Downieville California is an eight hour drive from Bend Oregon.  A drive I’d only done once, when I carpooled with “Crazy Mike” to the Singlespeed World Championships there in 2002.  Mike’s old Range Rover had a  “Follow Me To Certain Death” bumper-sticker.  And Mike had plenty of time on the drive to explain his rationale for not having insurance, nor a driver’s license, for the prior eight years.  After 8 hours of swaying with the winds at 90mph across the desert, with increasing numbers of fingers, and eventually toes crossed and wondering if a trip to Downieville was worth dying for, we drove into that sleepy little town.  As soon as we had arrived, I knew Downieville was worth a little risk.

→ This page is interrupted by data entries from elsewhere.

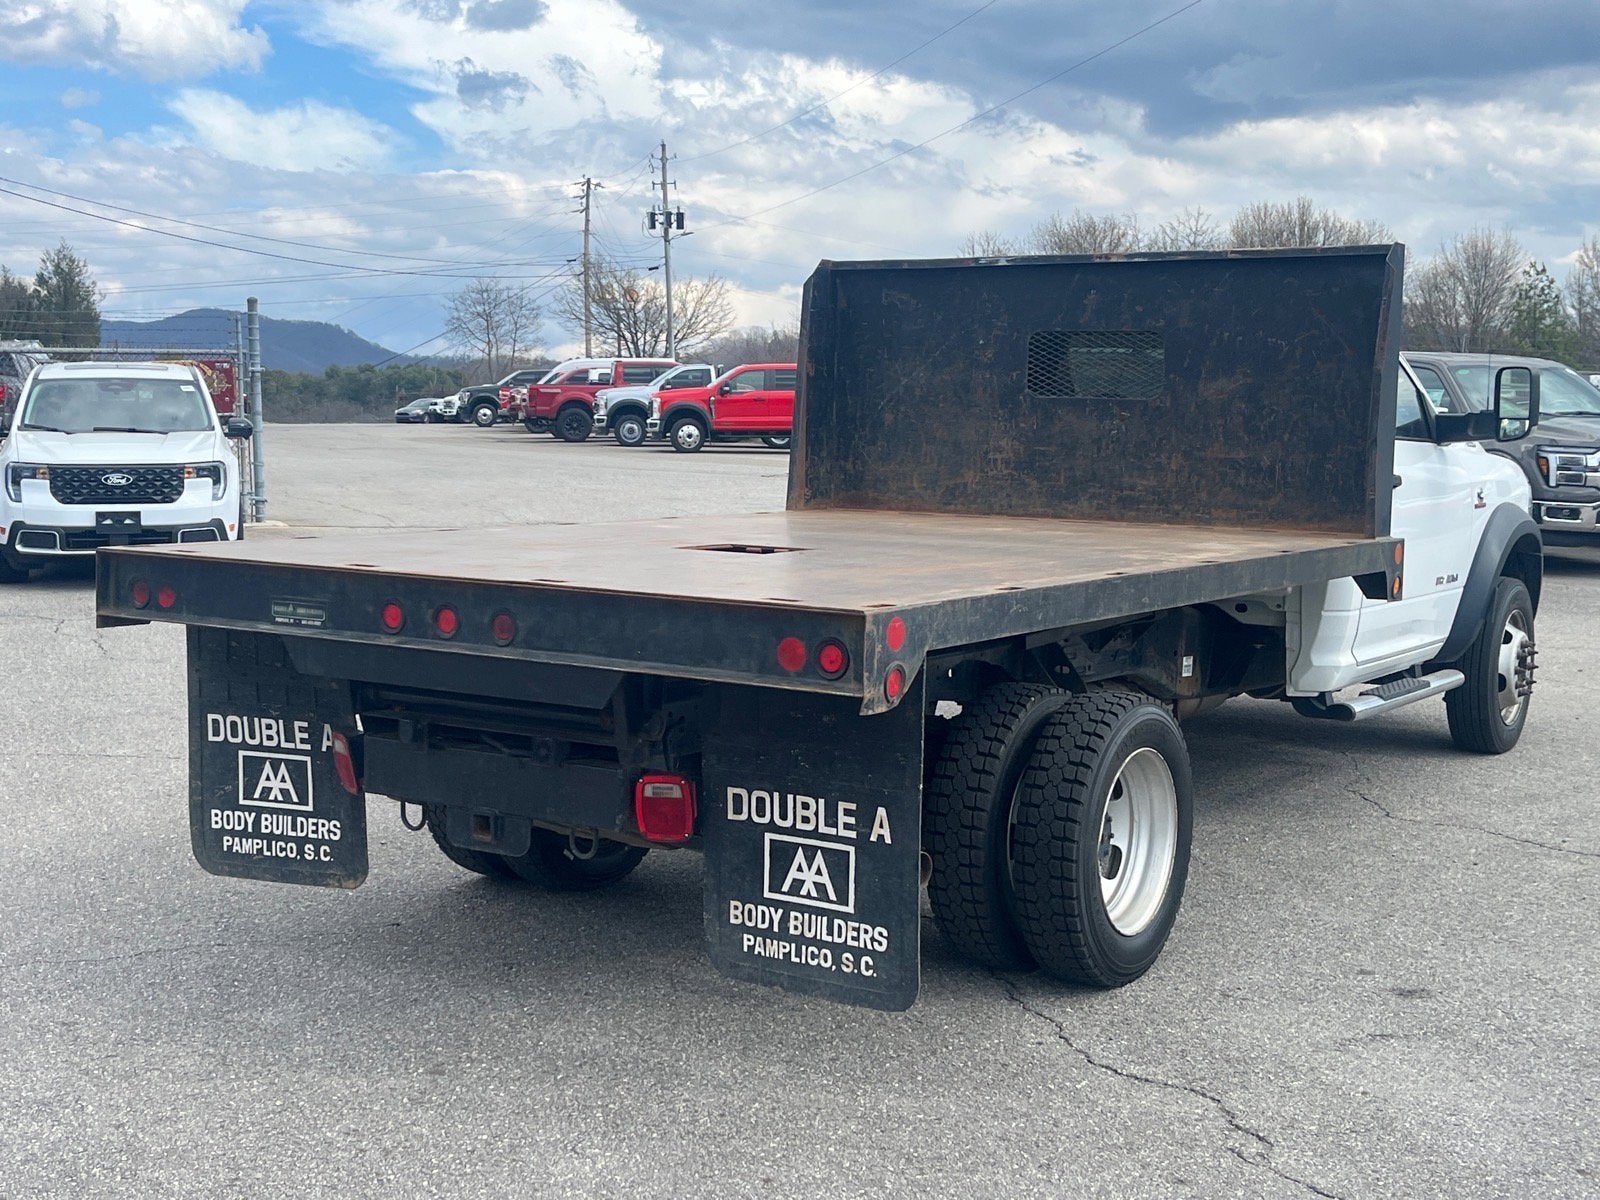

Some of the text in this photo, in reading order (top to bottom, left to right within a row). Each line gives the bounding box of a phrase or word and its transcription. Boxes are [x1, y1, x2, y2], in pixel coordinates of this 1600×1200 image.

[105, 474, 129, 485] Ford
[207, 713, 333, 752] DOUBLE A
[210, 809, 341, 841] BODY BUILDERS
[726, 786, 892, 844] DOUBLE A
[222, 836, 300, 860] PAMPLICO,
[729, 900, 889, 953] BODY BUILDERS
[742, 933, 836, 972] PAMPLICO,

Last week, I was lucky enough to return to Downieville.  This time for the Downieville Classic: a two day stage race consisting of a 2 hour XC loop and a 45 minute downhill run to the same finish line in downtown D-ville.   The Classic is limited to 800 XC racers and 200 “All Mountain World Championship” riders who do both stages for a combined time.   The races sell out in minutes, and for good reason:  Downieville has at least a mile of raucous singletrack and two good swimming holes for every man, woman and child who call it home.  Adam, Kelli, and Joe had such a good time last year that they convinced Giant to sponsor the event, and bring the whole family along.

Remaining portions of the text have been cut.